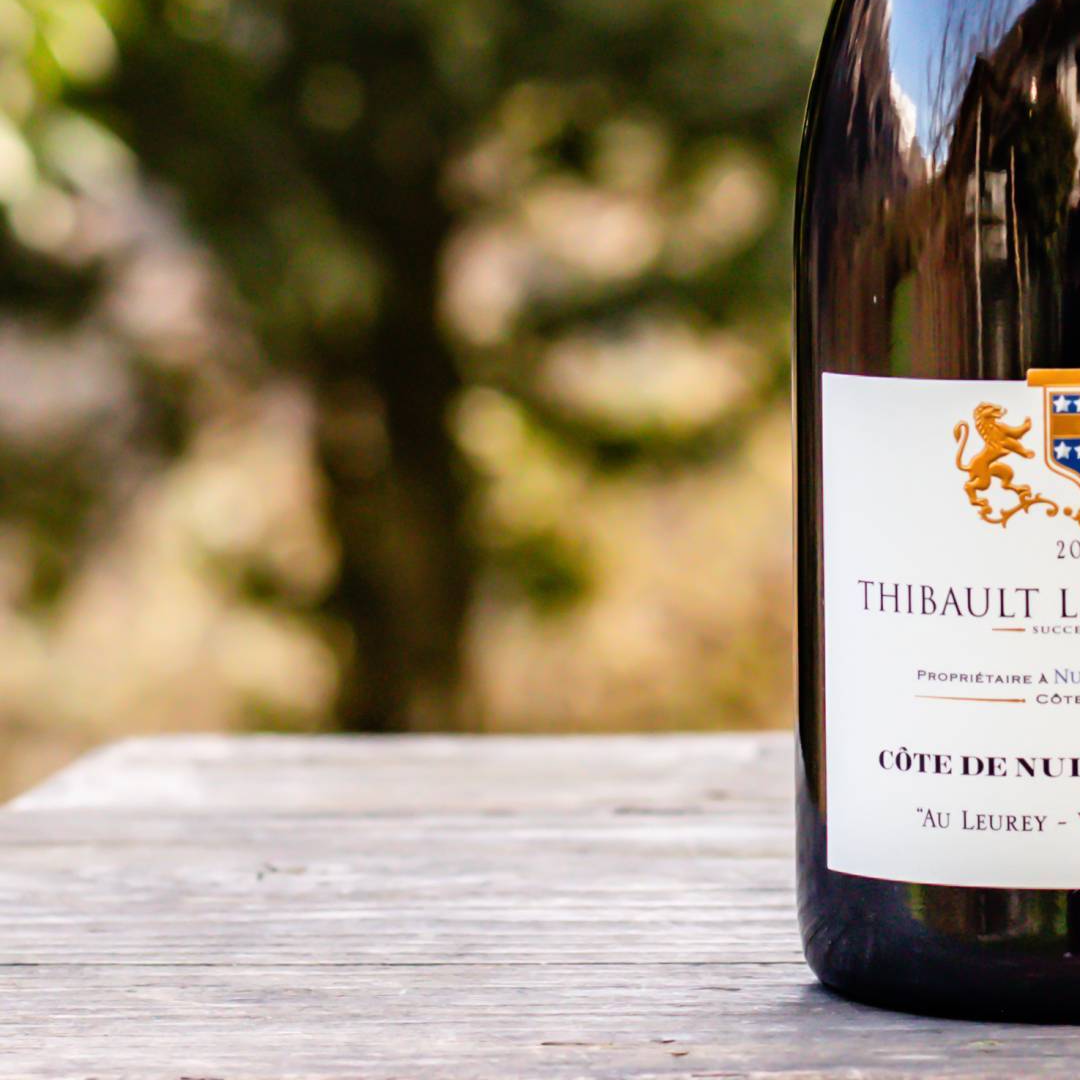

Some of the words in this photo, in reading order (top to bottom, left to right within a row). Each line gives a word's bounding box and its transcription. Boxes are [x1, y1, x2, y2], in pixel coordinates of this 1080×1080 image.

[857, 579, 1040, 619] THIBAULT
[917, 669, 1033, 685] PROPRIÉTAIRE
[878, 746, 953, 776] CÔTE
[959, 755, 1008, 778] DE
[961, 809, 1048, 833] LEUREY
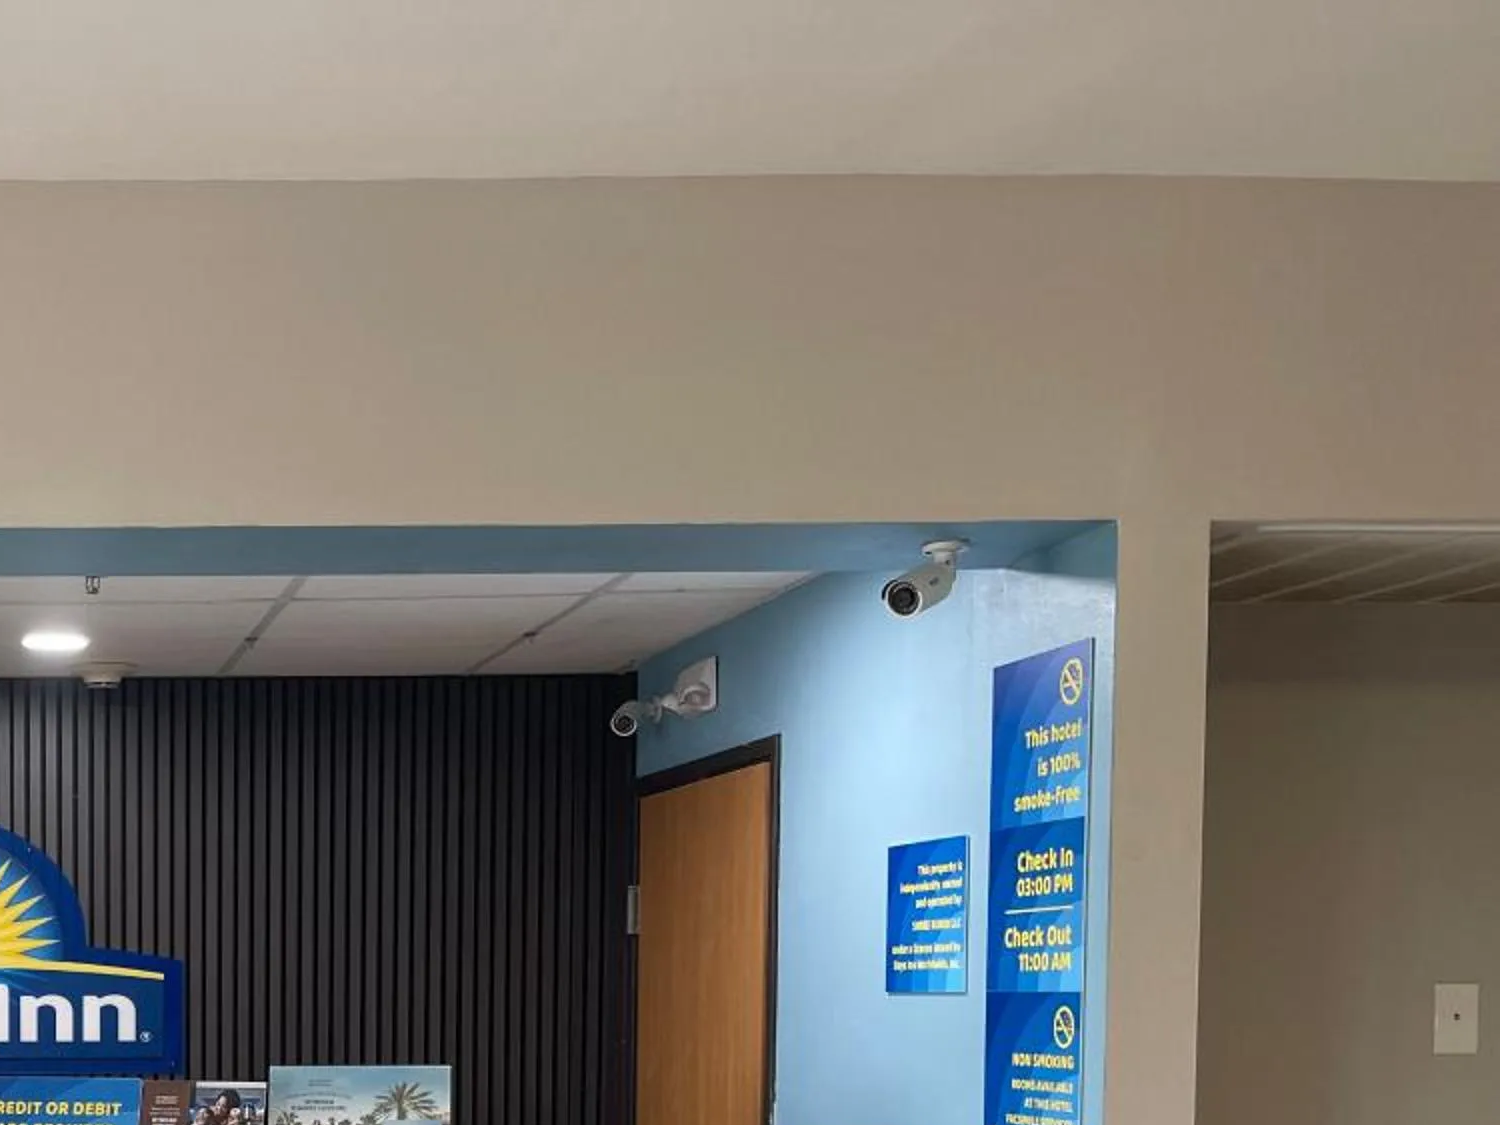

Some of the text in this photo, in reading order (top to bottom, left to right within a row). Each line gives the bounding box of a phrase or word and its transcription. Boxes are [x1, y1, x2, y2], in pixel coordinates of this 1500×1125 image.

[1025, 717, 1081, 750] This hotel
[1038, 752, 1081, 777] is 100%
[1017, 848, 1073, 873] Check In
[1016, 873, 1073, 897] 03:00 PM
[1004, 924, 1072, 948] Check Out
[1018, 952, 1072, 972] 11:00 AM
[1012, 1053, 1075, 1069] NON SMOKING
[46, 1101, 69, 1116] OR
[73, 1102, 123, 1117] DEBIT
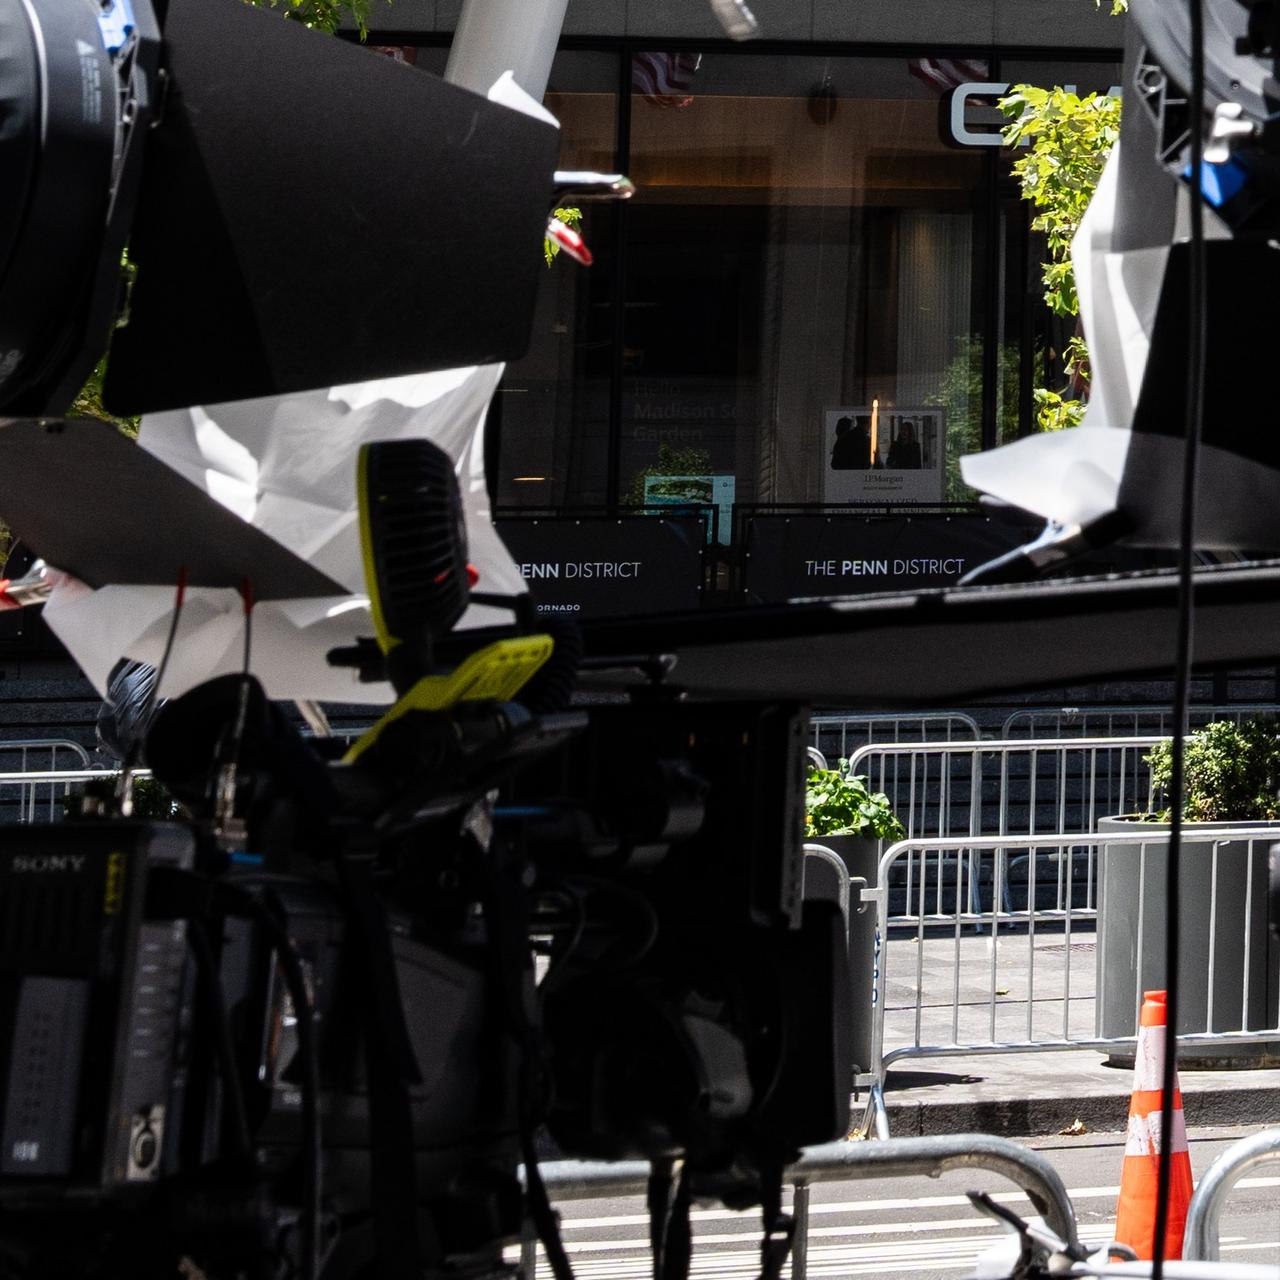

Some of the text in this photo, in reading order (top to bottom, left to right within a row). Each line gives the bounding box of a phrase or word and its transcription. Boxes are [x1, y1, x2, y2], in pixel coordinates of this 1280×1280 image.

[564, 561, 643, 579] DISTRICT
[804, 558, 966, 576] THE PENN DISTRICT
[535, 604, 582, 613] ORNADO

> [Assignment] With both ends included, please retype exactly the lines from the line containing "this 1280×1280 image." to the final line of the data.

> [Final answer]
Some of the text in this photo, in reading order (top to bottom, left to right within a row). Each line gives the bounding box of a phrase or word and its transcription. Boxes are [x1, y1, x2, y2], in pixel coordinates of this 1280×1280 image.

[564, 561, 643, 579] DISTRICT
[804, 558, 966, 576] THE PENN DISTRICT
[535, 604, 582, 613] ORNADO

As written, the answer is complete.